Hello! I can’t believe that it will be 2014 tomorrow. This year flew by but when I look back at one year ago, it feels like 3 years ago. Every year at this time people spend time reflecting on their past year and contemplating the future and so, of course, that’s what I am doing. In short, this year was wonderful and everything I hoped for. I had a really hard time for a long time, and 2012 was downright horrible. I lost pets, had a car wreck, had to cram a full time law school schedule into a part time one, among so many other things. The highlight of 2012 was getting my dog Ella, but other than that, it was a tough year. This day a year ago I thought, “good riddance, 2012…you sucked…” and also felt an enormous amount of uncertainty and fear before the bar exam.

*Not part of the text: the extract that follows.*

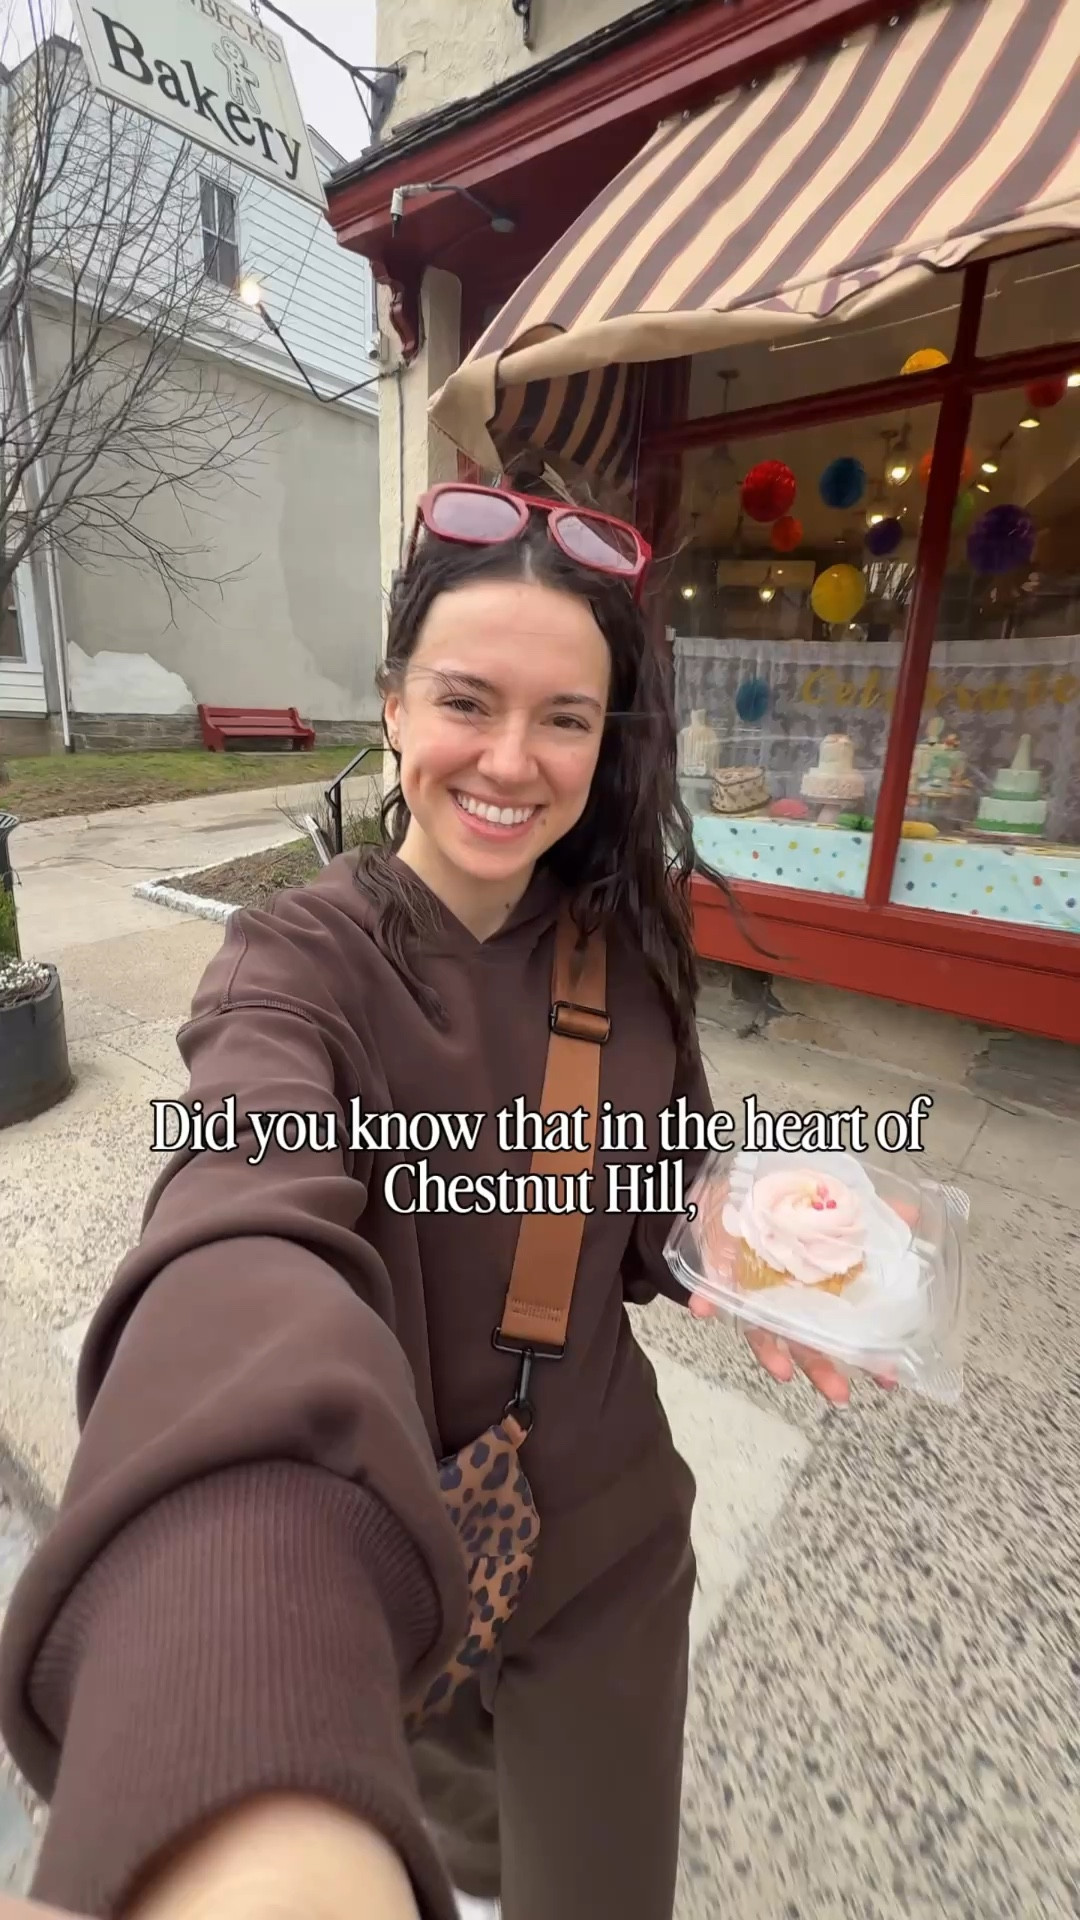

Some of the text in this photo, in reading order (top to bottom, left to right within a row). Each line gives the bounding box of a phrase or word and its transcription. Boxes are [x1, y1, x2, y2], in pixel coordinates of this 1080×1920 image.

[190, 0, 282, 63] BECK'S
[92, 7, 301, 181] Bakery
[801, 665, 1079, 713] Celbrate

The earliest post I had in 2013 was here. One day in January after lunch with my boyfriend I sat in his car right outside my office…crying and telling him how enormously fearful I was. I told him if I don’t pass the bar exam, I could miss opportunities for jobs…I could have to retake it and spend many months more studying, sinking deeper into the exhaustion and edginess I felt, and not moving on with my life….I told him that I just felt this enormous burden because it was all up to me to make this year either an awesome one or another really bad one. I basically had about five very exhausting years and I just wanted it to be over.

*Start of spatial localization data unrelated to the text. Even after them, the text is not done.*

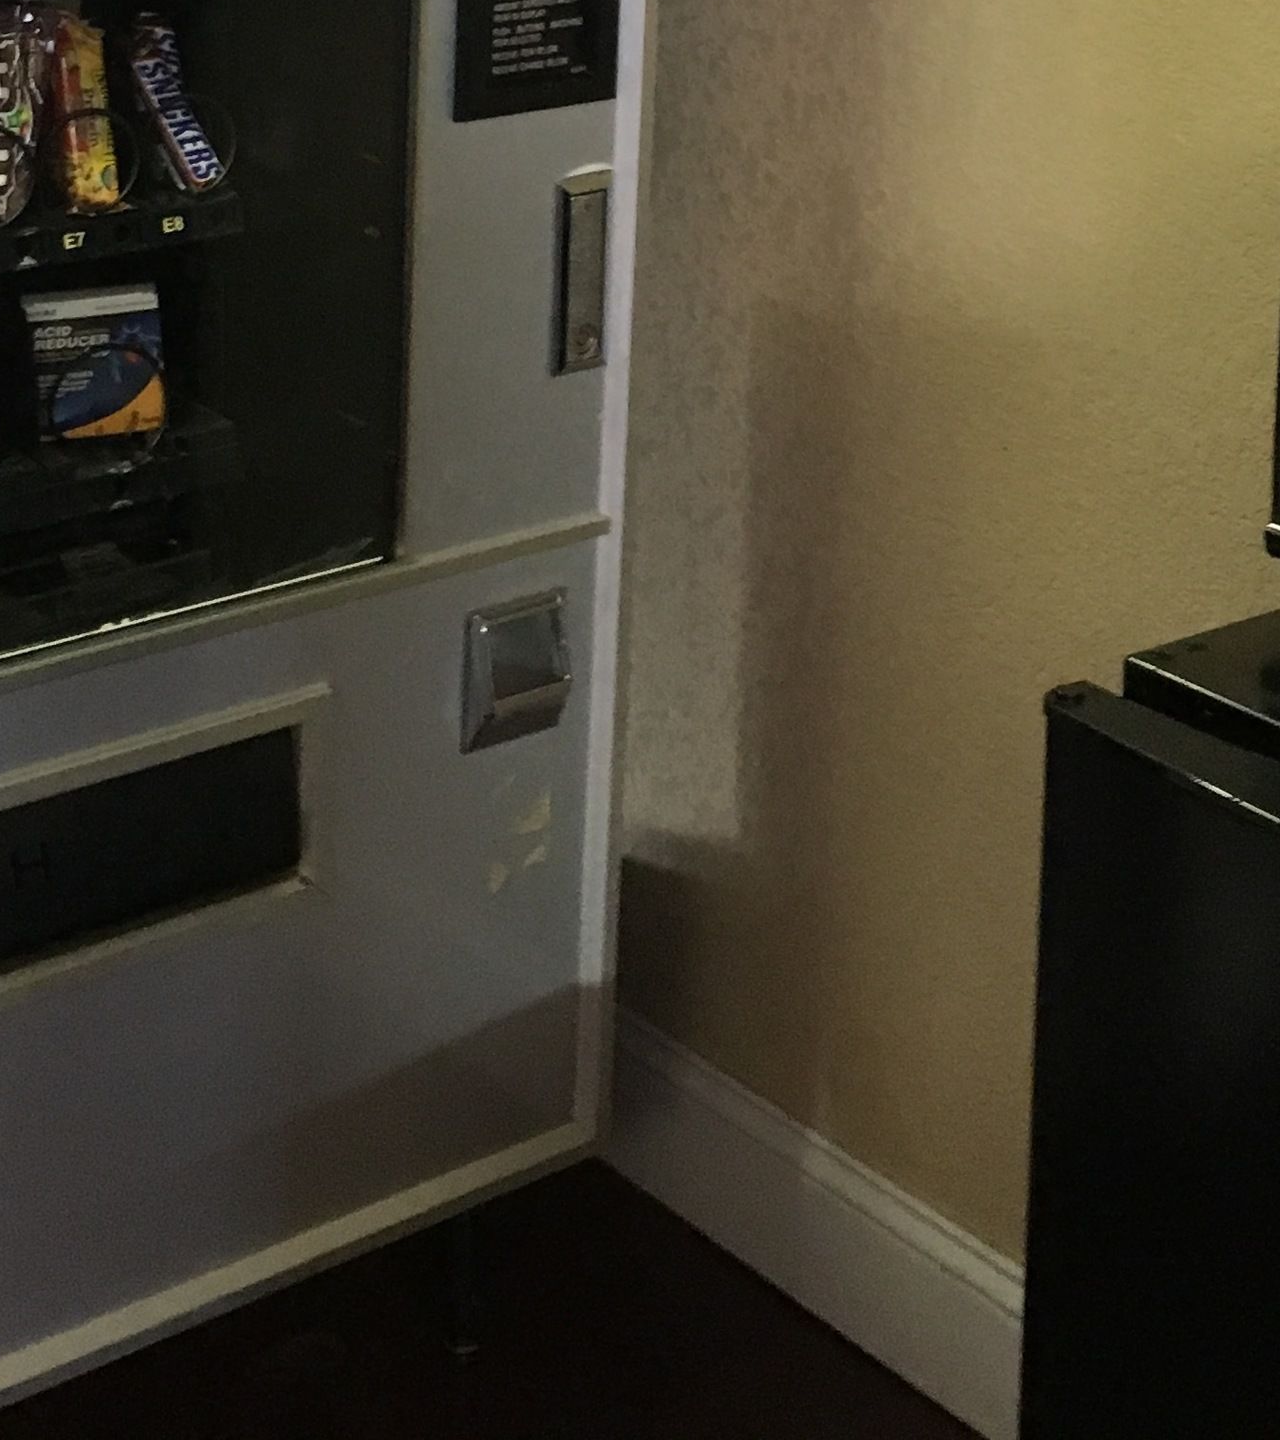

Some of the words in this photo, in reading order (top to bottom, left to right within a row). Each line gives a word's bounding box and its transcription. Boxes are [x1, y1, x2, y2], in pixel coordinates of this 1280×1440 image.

[136, 60, 220, 182] SNICKERS
[162, 216, 185, 234] E8
[63, 231, 86, 250] E7
[34, 325, 72, 339] ACID
[33, 333, 111, 352] REDUCER

I still stop and pinch myself every day now that normalcy has returned. I passed the bar exam…got a job, which has been going great…lost 17 of the 25 pounds I gained in law school…took a vacation, did tons of fun things with friends, got to enjoy my holidays for the first time in years, and got engaged to my boyfriend. This year was very, very good to me!
I AM very sad the holidays are coming to an end. Basically from October until now I was fully immersed in them and had a great time. I started taking my Christmas decor down last night. To get over that post-holiday sadness, I am thinking about what I’d like to do this winter. I am really hoping for a VERY snowy winter. I’d like to go snowboarding again…I haven’t gone since January, 2008. I am also looking forward to the Winter Olympics. I have this inexplicable obsession with both the summer and winter olympics. For two glorious weeks I let all my free time outside of work be consumed by televised sporting events. Whether it’s skiing, iceskating, curling, whatever, I am glued to the TV. In 2012 after my dog died, I had two weeks of nightly class, but then when it finally ended, I picked up my new puppy Ella…and the next day the Summer Olympics began. In 2012, after all I had been going through, getting my new dog and playing with her every night while watching the olympics was the first time in many months I felt happy and at ease.
Other than hoping for lots of snow and watching the olympics I really don’t have much planned for this winter. It might be good to slow down for awhile.
Anyway, I hope you have a great 2014. Happy New Year!